Gender yang lahir rahim tokoh pejuang nasional bernama Fatmawati. Pertanyaannya, apakah dengan mendiskreditkan Mega seperti ini, apakah Mega marah ? Tidak.

Tapi setidaknya, ucapan Ahmad Ali itu memperkuat persimpangan jalan antara perkataan dan perbuatan. Utamanya di PSI. Pidato Grace Natali, Ketua Umum PSI di Jakarta pada acara Kopdarnas di bulan November 2015 lalu mengatakan secara verbatim bahwa: “PSI adalah partai yang ramah akan perempuan, dan menolak segala bentuk diskriminasi, termasuk diskriminasi gender”.

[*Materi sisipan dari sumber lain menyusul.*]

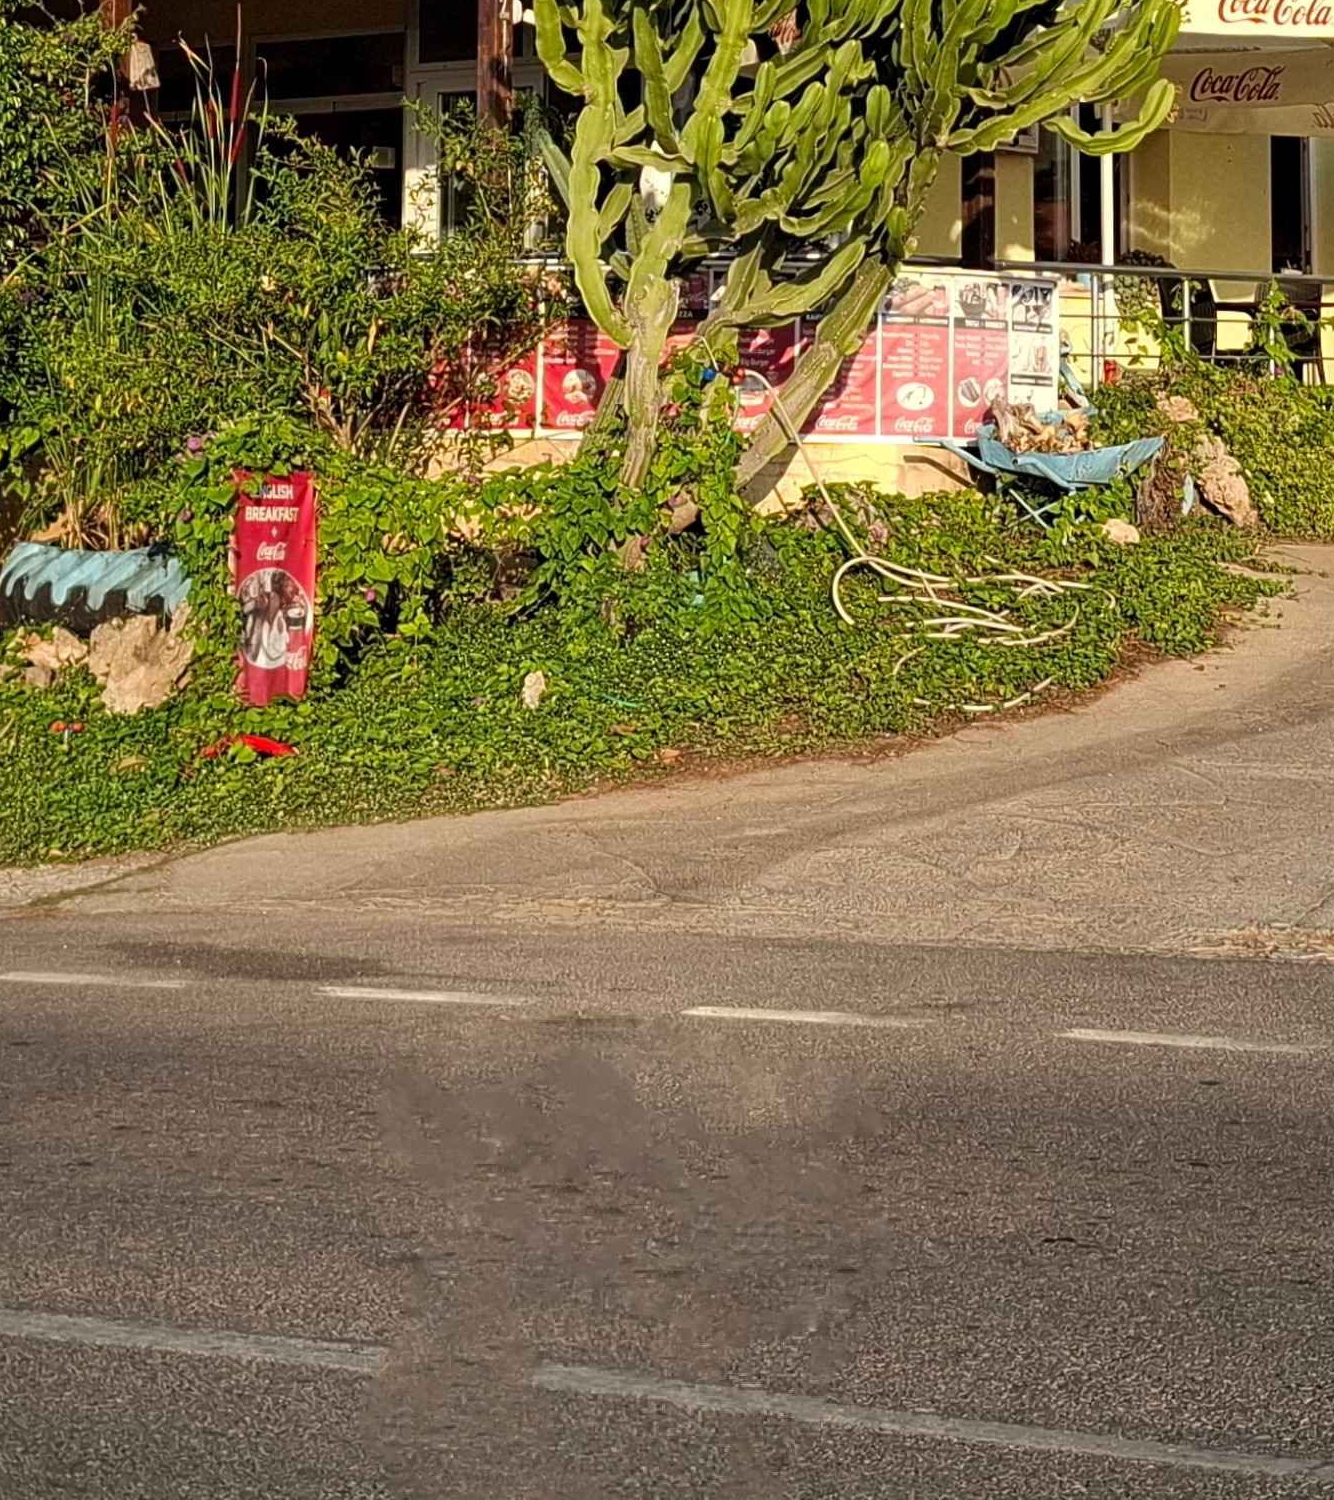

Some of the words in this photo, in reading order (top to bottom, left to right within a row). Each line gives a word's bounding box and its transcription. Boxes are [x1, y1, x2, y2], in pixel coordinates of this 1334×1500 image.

[1190, 66, 1287, 102] Coca-Cola
[816, 415, 859, 430] Coca-Cola
[895, 416, 935, 434] Coca-Cola
[245, 506, 299, 522] BREAKFAST

Kala itu, Ahmad Ali masih di Partai Nasdem, Ketua Umum PSI belum Kaesang dan Jokowi masih menjadi petugas partai di PDI Perjuangan. Saya curiga apakah memang prinsip berpartai bisa digadaikan demi sebuah kekuasaan? Mengapa pula kader-kader PSI yang telah lama berjuang untuk partai mereka itu tidak marah ke Ahmad Ali soal ucapannya tentang Mega ?

Soal Ahmad Ali, Mega tidak akan berkonfrontasi. Itu pasti. Di masa lalu, lawannya dalam wacana publik adalah Soerjadi, Soeharto dan Susilo Bambang Yudhoyono (SBY).

Itu pun berhadapan bukan sebagai pribadi, bila Soerjadi dalam kapasitas Ketua Umum inskontitusional PDI maka Soeharto & SBY dalam kapasitas mereka sebagai presiden. Bahkan kepada Soeharto, lawan politik terbesarnya, pasca lengser di 1 Juni 1998, Mega pernah memberikan seruan :

“Berhenti menghujat dan mencemooh Soeharto secara pribadi”.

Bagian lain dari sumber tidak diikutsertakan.